Records for the exercise Block Start
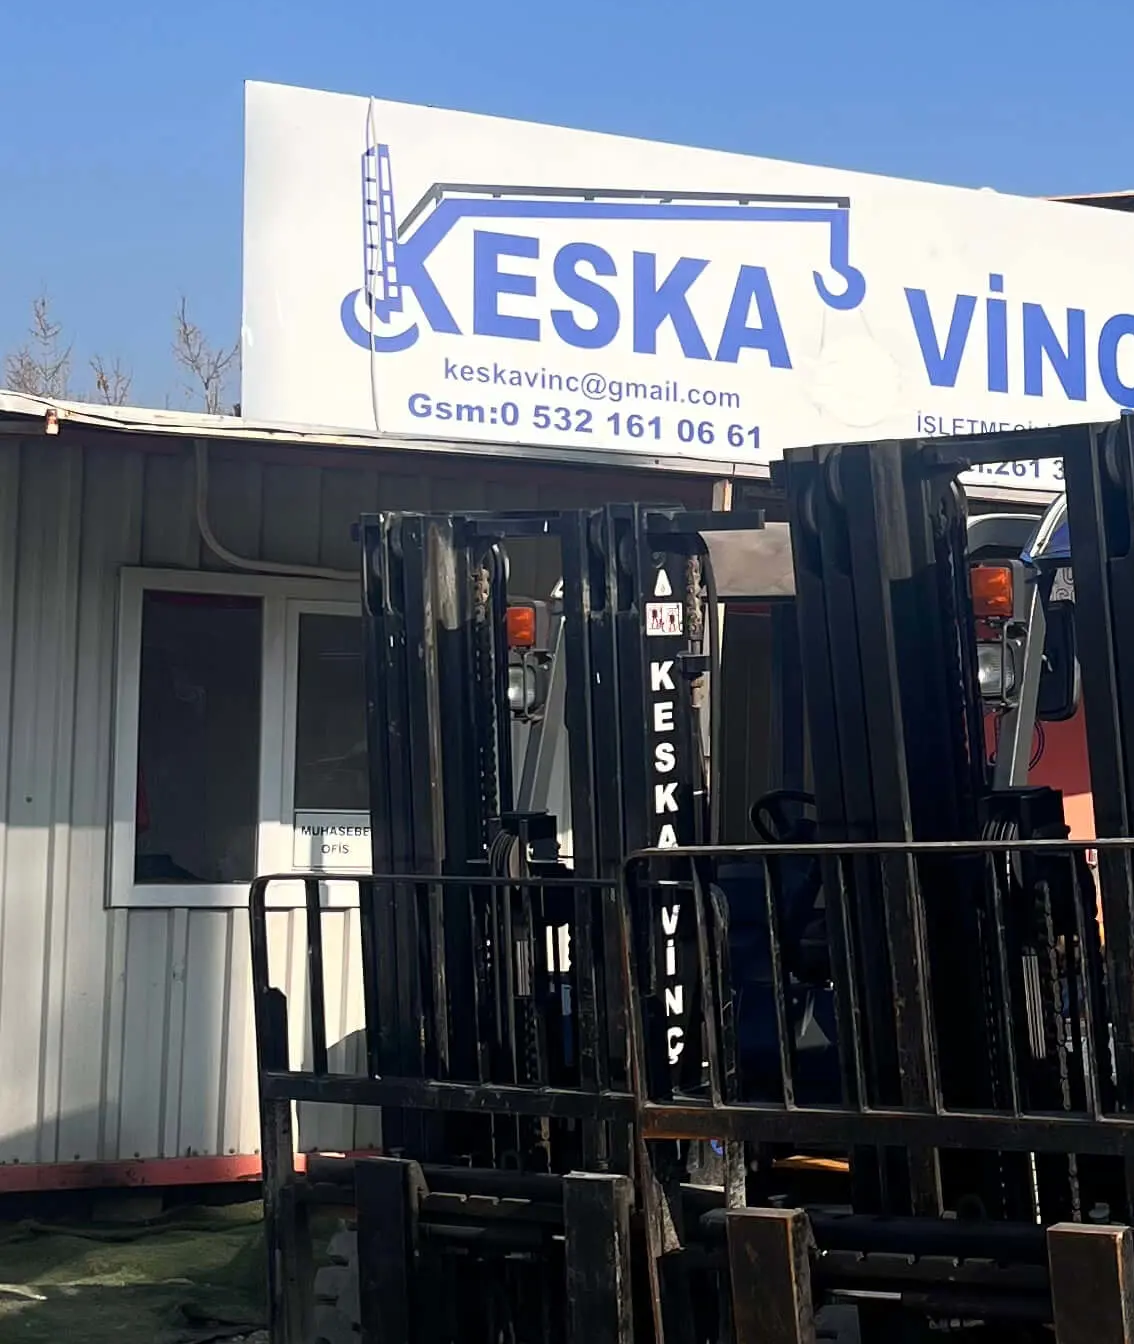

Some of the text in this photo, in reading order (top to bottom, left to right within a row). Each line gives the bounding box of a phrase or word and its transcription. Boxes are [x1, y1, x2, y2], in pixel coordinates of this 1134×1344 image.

[362, 196, 795, 370] KESKA
[444, 357, 741, 409] keskavinc@gmail.com
[407, 392, 762, 449] Gsm:0 532 161 06 61
[301, 825, 371, 838] MUHASEBE
[650, 660, 685, 1065] KESKA VİNÇ
Records for the exercise Block End
[Your assignment]
Word for word, output the whole listing, but not its pictures.

[Written answer]
Some of the text in this photo, in reading order (top to bottom, left to right within a row). Each line gives the bounding box of a phrase or word and its transcription. Boxes are [x1, y1, x2, y2], in pixel coordinates of this 1134×1344 image.

[362, 196, 795, 370] KESKA
[444, 357, 741, 409] keskavinc@gmail.com
[407, 392, 762, 449] Gsm:0 532 161 06 61
[301, 825, 371, 838] MUHASEBE
[650, 660, 685, 1065] KESKA VİNÇ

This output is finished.